Photo: 250 Main Hotel

Every year, Maine is forgotten. Beaches are deserted after Labor Day. Seafood shacks are boarded up after that. Ferry schedules are greatly reduced, if not abandoned. So are flights to Portland. Plus there’s no traffic along I-95 and Route 1 to slow you down.

This could be a great time to visit the Mid Coast, the area wedged in between Portland and Acadia National Park. At first, it sounds crazy. It’s cold, strong winds are blowing off the water, and a lot of places are closed. But hotel rates have drastically dropped. You can easily get reservations at your favorite restaurants. Plus there are no crowds. You’ll have pine-lined roads, serene harbors, wind-swept beaches, and quaint towns practically to yourself.

Rockland will actually feel like a whole different destination. Vacationland, as it’s affectionally called, can be overwhelmed with congestion during the summer. The large fishing port is where ferries, bound for the islands in Penobscot Bay, depart. Its downtown is full of colorful buildings, historic inns, and unique shops. It’s an artists’ haven thanks to the Farnsworth Art Museum, the Center for Maine Contemporary Art, and dozens of galleries. The Maine Lighthouse Museum is here, too.

Photo: Primo Rockland

250 Main Hotel is the perfect base to explore the downtown area. The new hotel sits right on Main Street. Its brick building was originally developed to be urban condos with views of the harbor. The project was never completed. So two years ago, it was turned into a boutique hotel with an industrial-chic vibe. Twenty-six rooms are decorated with 1950s tourism posters, landscape photography, and watercolors. There are concierge tablets next to the beds. The bathrooms have heated tile floors and towel racks. Balcony views do indeed extend over the water. An additional rooftop deck is open during the warmer months. While a beer-and-wine social is hosted every evening in the lobby.

After trying a few local New England IPAs at the social, head down the street to Primo Restaurant for dinner. Primo has been on your dining wish list for years. As it should have been. It’s a James Beard favorite and one of the best restaurants in the whole state. It sits on four acres that are filled with greenhouses, chicken coops, pig pens, and beehives. Its Victorian building features a formal Parlor Room downstairs and a barnyard-chic Counter Room & Bar upstairs. It even has a view of the wild Atlantic Ocean.
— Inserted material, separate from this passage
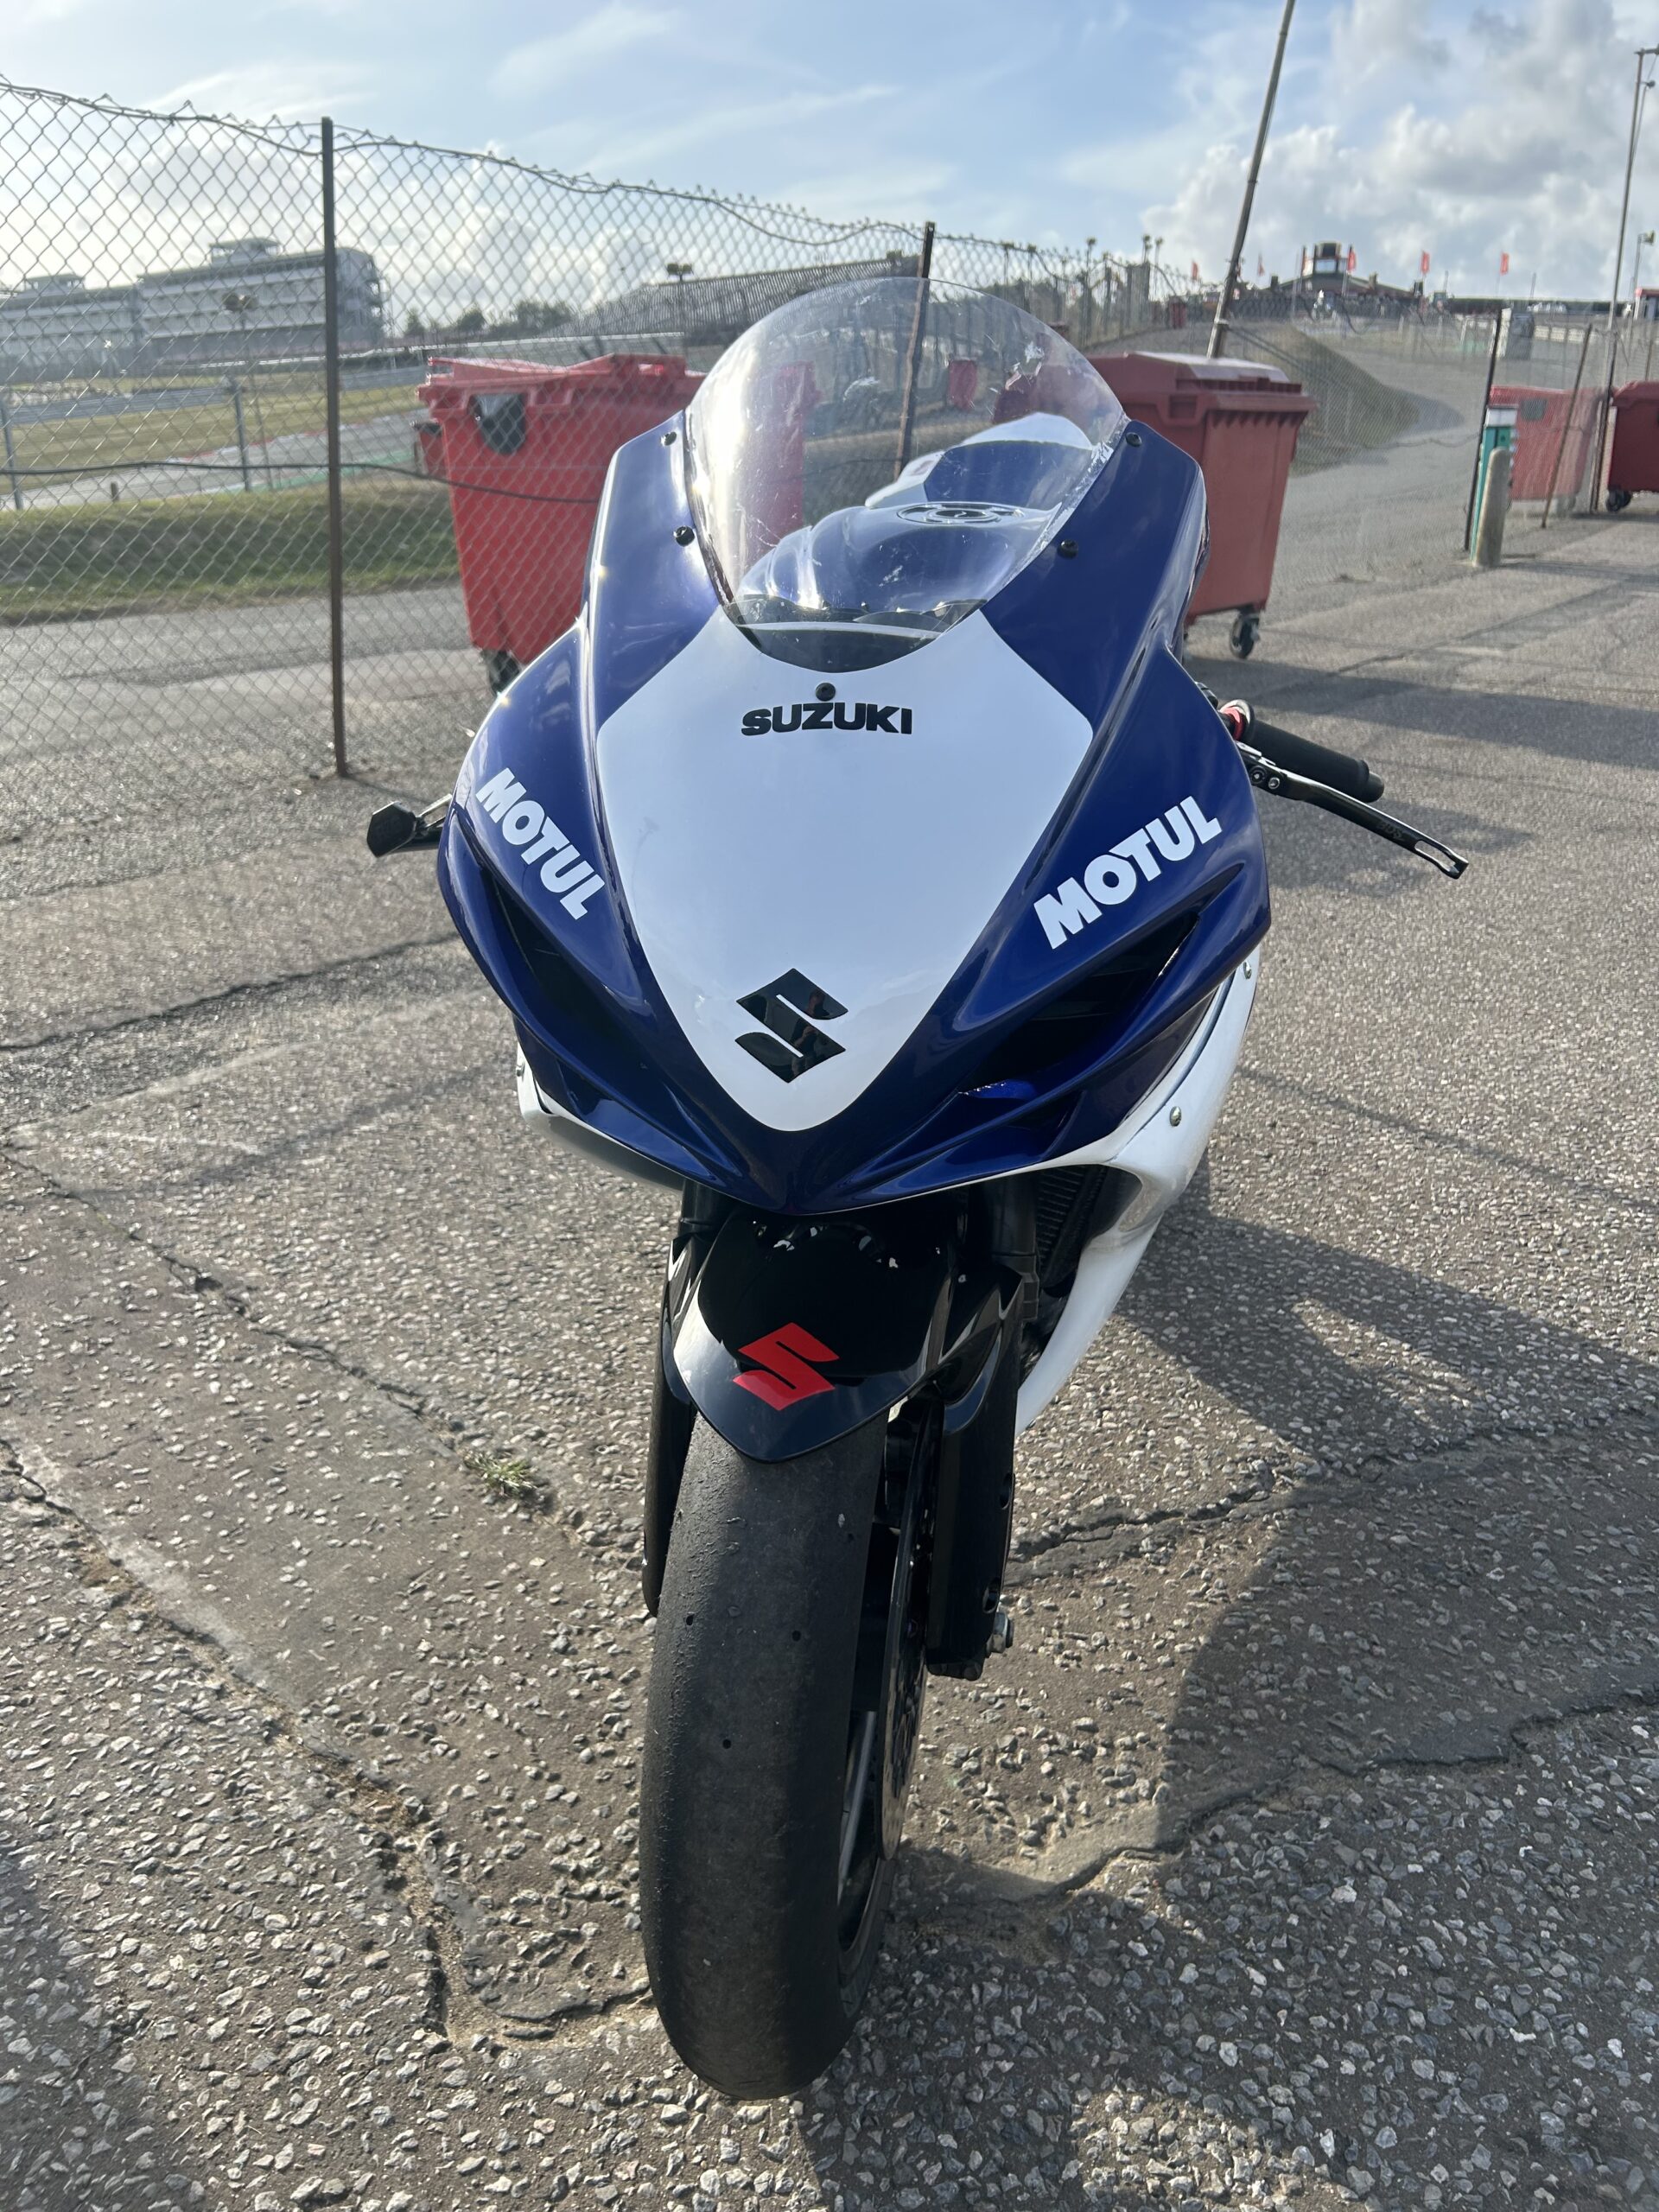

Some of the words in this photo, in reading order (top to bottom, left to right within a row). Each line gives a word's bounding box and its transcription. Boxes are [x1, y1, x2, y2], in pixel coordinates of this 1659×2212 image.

[741, 702, 913, 736] SUZUKI
[475, 767, 606, 920] MOTUL
[1033, 796, 1223, 950] MOTUL
Most importantly, though, is the food. Chef Melissa Kelly takes Mediterranean dishes and adds Maine accents. Everything is seasonal. Everything is local. Everything is delicious. Start with a “New” Fashioned cocktail made with bourbon, house-made Limoncello, and a splash of Prosecco. Don’t skip the usually unnecessary bread. Theirs is homemade and still warm. For appetizers, share a local apple salad and fried Pemaquid oysters. The salad is topped with Tarentaise (cow’s cheese), while the oysters are served with a chile-lime dressing. Pork chops with a cranberry-mustard glaze and grilled moulard duck breasts are both offered as mains. But it’s hard to pass up seafood, especially local monkfish in a black olive oil, when you’re in Maine. That’s right, you’re in Maine in November.